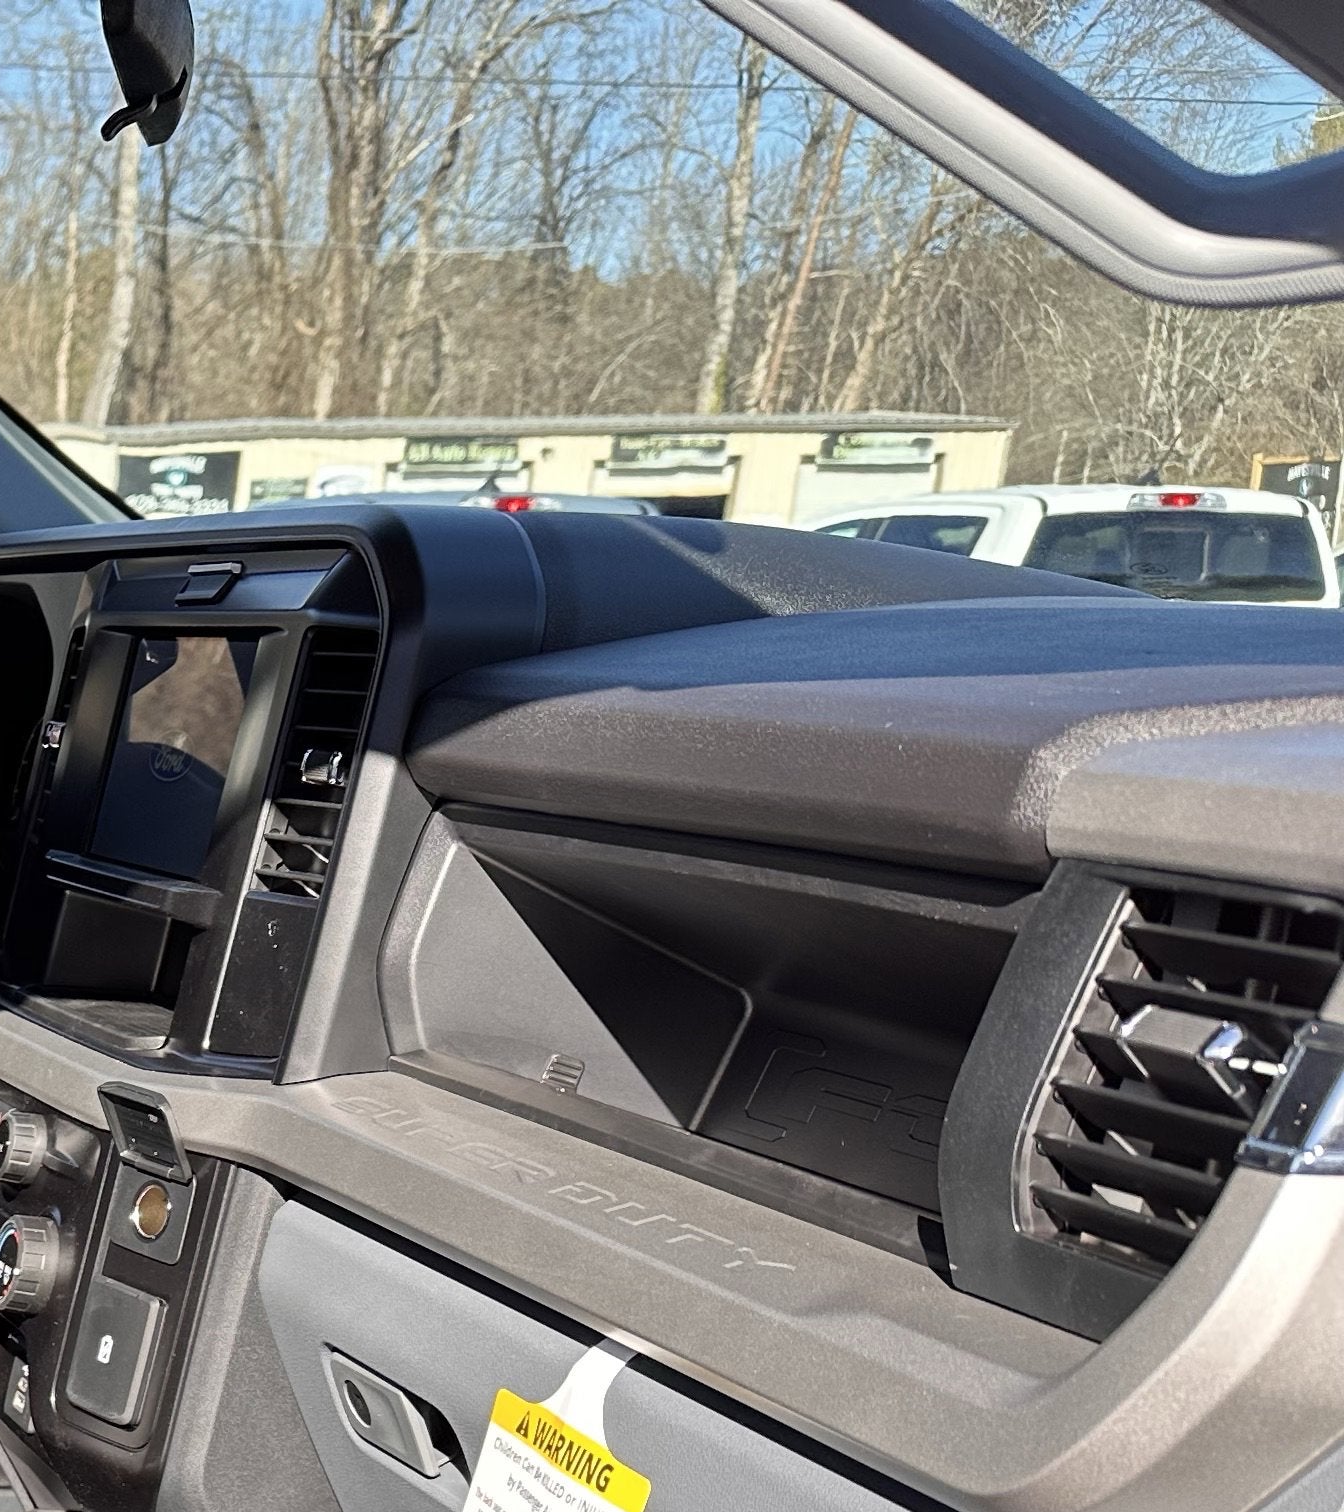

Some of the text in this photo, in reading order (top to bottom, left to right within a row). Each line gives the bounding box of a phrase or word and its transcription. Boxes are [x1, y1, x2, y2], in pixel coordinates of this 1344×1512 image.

[330, 1095, 796, 1271] SUPER DUTY
[494, 1437, 522, 1465] Children
[541, 1474, 565, 1499] KILLED
[533, 1418, 615, 1493] WARNING
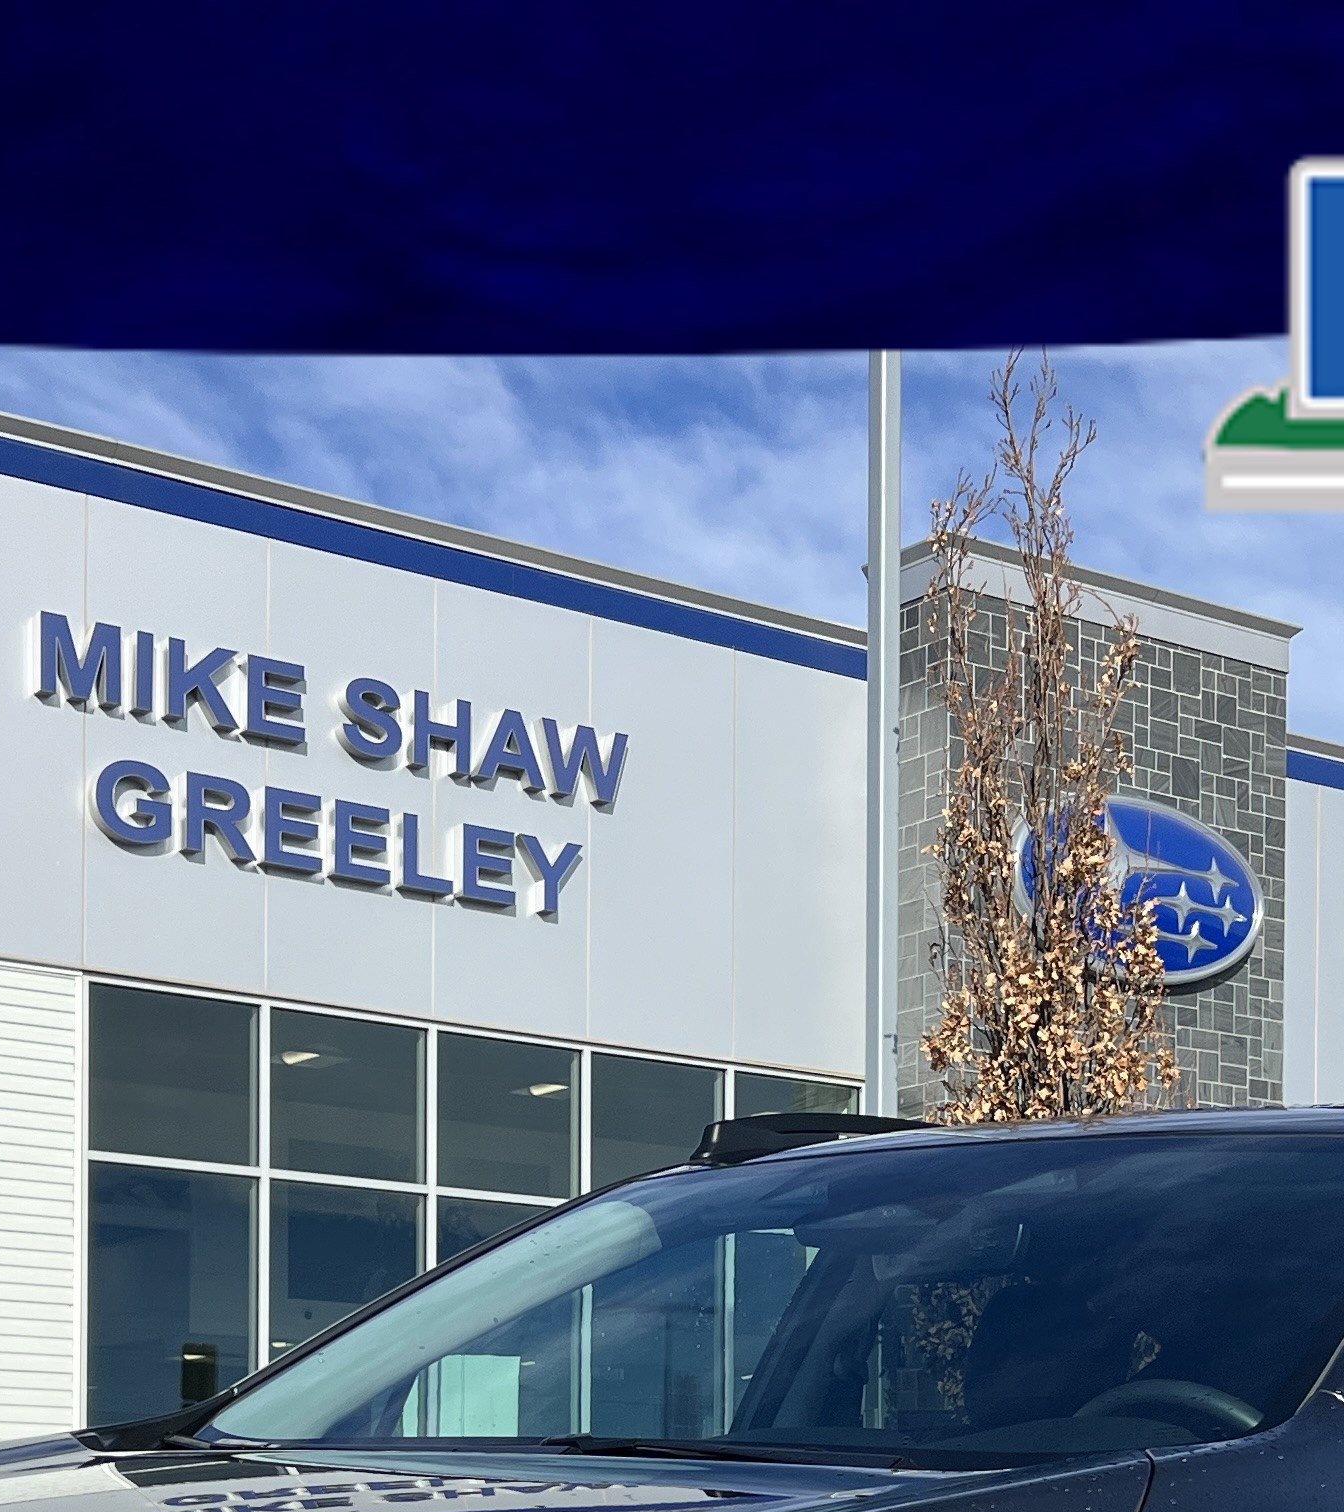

+--

Activity: Transcribe the data verbatim. No picture belongs in the result.

Result of this exercise:
Some of the text in this photo, in reading order (top to bottom, left to right within a row). Each line gives the bounding box of a phrase or word and its transcription. Boxes are [x1, y1, x2, y2], in pixel coordinates of this 1344×1512 image.

[330, 1095, 796, 1271] SUPER DUTY
[494, 1437, 522, 1465] Children
[541, 1474, 565, 1499] KILLED
[533, 1418, 615, 1493] WARNING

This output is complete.